_What is expected_
The copy has to match the records word for word and include no pictures.

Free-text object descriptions
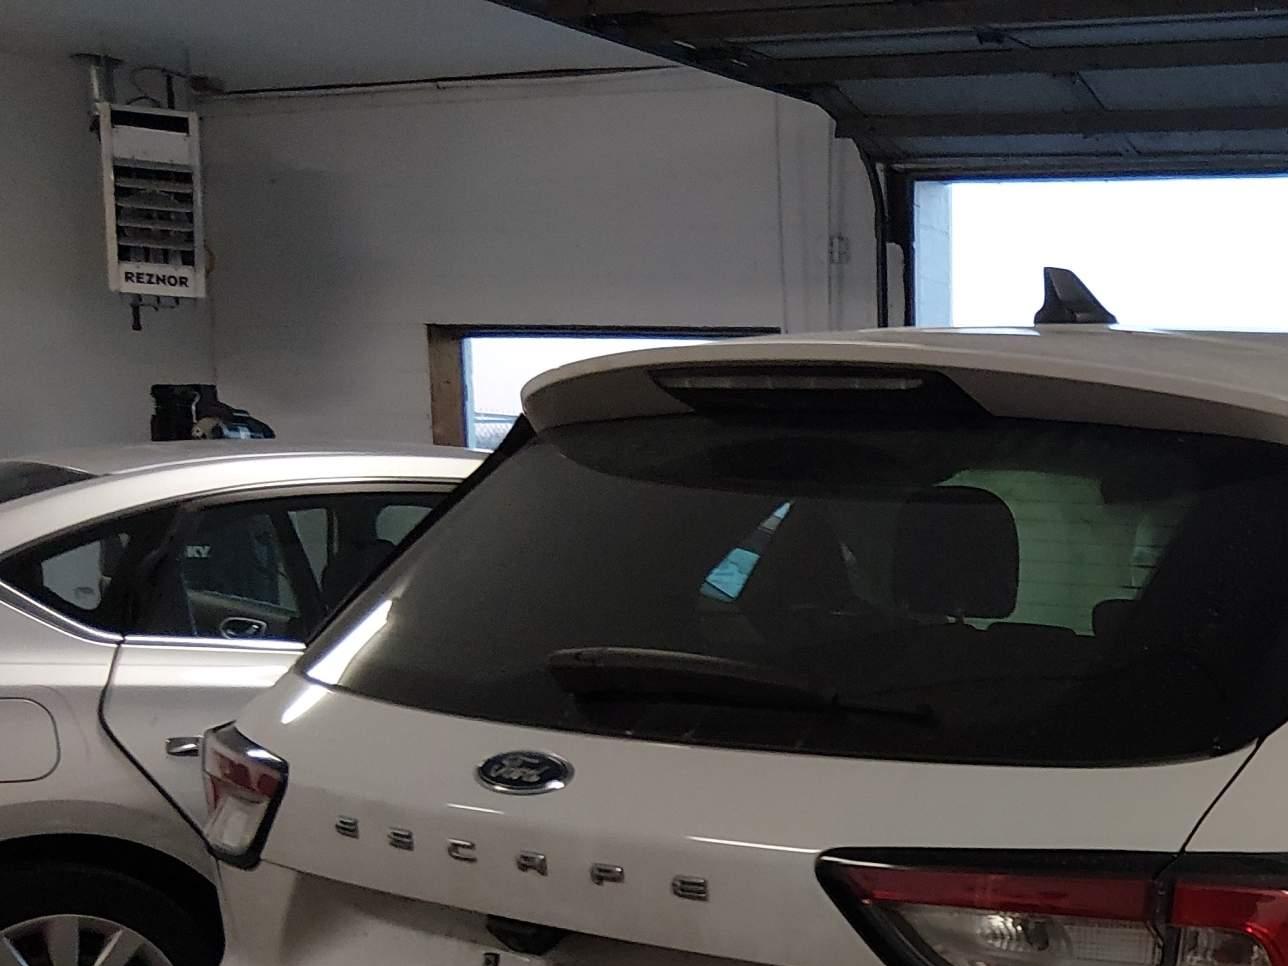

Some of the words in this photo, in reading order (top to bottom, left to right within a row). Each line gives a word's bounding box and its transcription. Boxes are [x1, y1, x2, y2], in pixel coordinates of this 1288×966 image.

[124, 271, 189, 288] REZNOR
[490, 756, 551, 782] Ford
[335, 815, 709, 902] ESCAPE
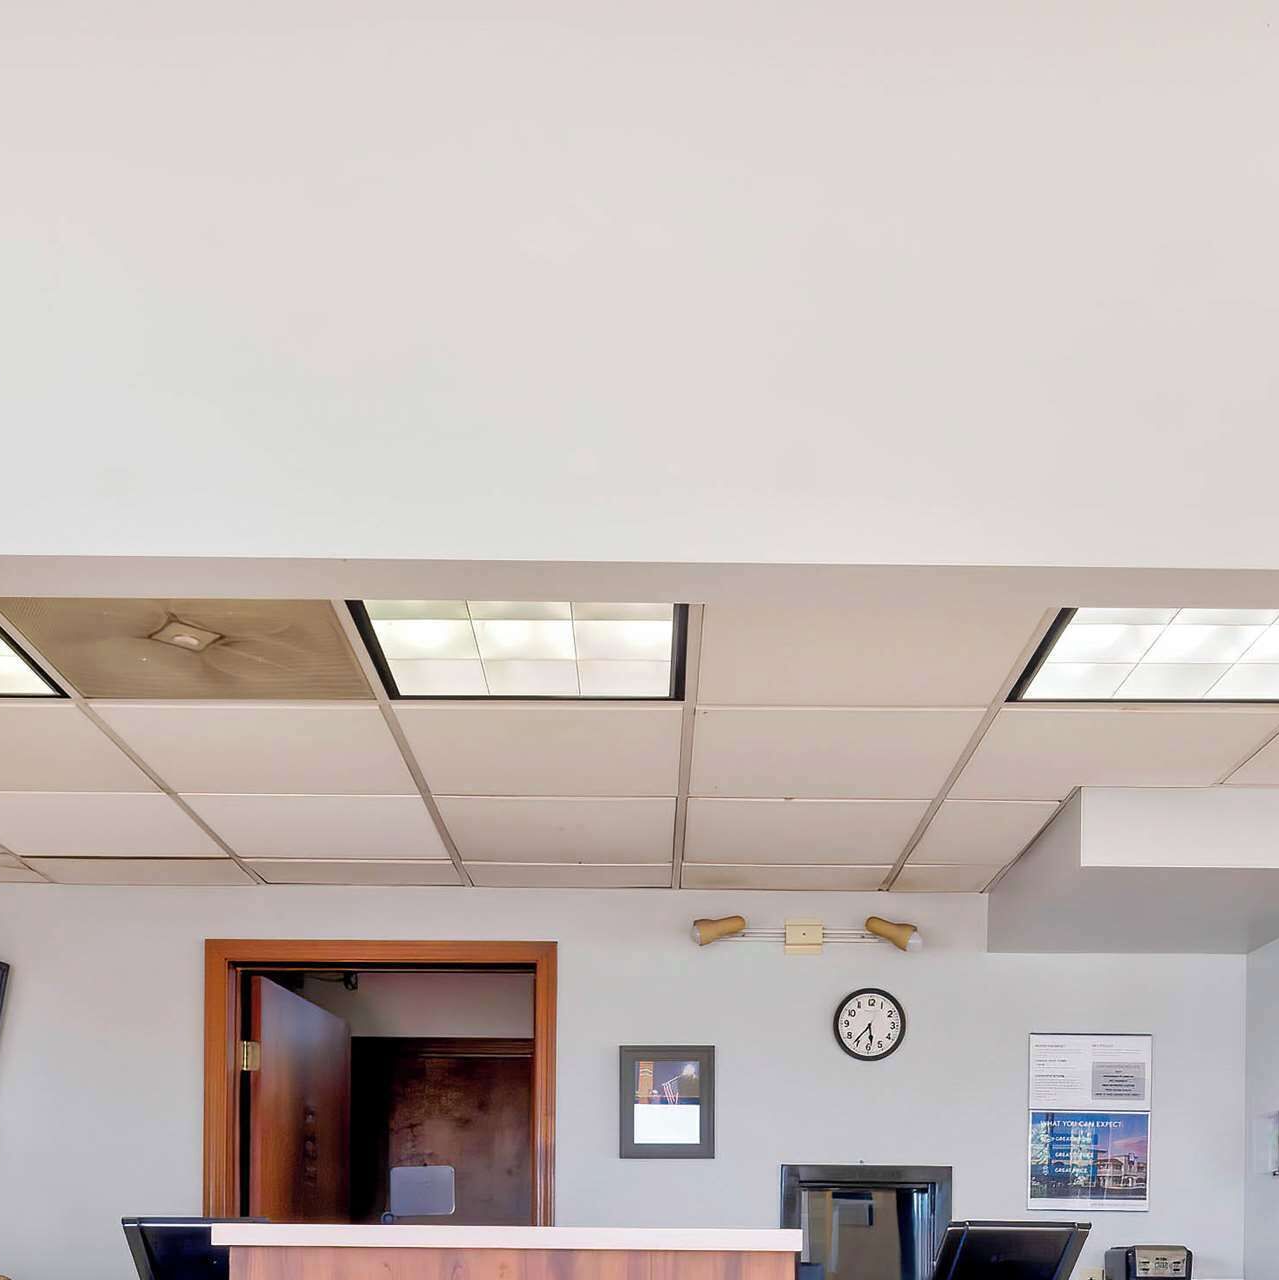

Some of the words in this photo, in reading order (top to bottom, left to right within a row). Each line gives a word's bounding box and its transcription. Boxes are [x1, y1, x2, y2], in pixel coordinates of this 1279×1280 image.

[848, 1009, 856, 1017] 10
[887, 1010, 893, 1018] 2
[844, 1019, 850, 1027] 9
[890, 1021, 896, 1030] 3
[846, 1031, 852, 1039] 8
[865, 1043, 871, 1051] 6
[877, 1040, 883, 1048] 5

_Solution below_
Some of the words in this photo, in reading order (top to bottom, left to right within a row). Each line gives a word's bounding box and its transcription. Boxes are [x1, y1, x2, y2], in pixel coordinates of this 1288×966 image.

[124, 271, 189, 288] REZNOR
[490, 756, 551, 782] Ford
[335, 815, 709, 902] ESCAPE

Some of the words in this photo, in reading order (top to bottom, left to right within a row). Each line gives a word's bounding box and its transcription. Boxes are [x1, y1, x2, y2], in pixel coordinates of this 1279×1280 image.

[848, 1009, 856, 1017] 10
[887, 1010, 893, 1018] 2
[844, 1019, 850, 1027] 9
[890, 1021, 896, 1030] 3
[846, 1031, 852, 1039] 8
[865, 1043, 871, 1051] 6
[877, 1040, 883, 1048] 5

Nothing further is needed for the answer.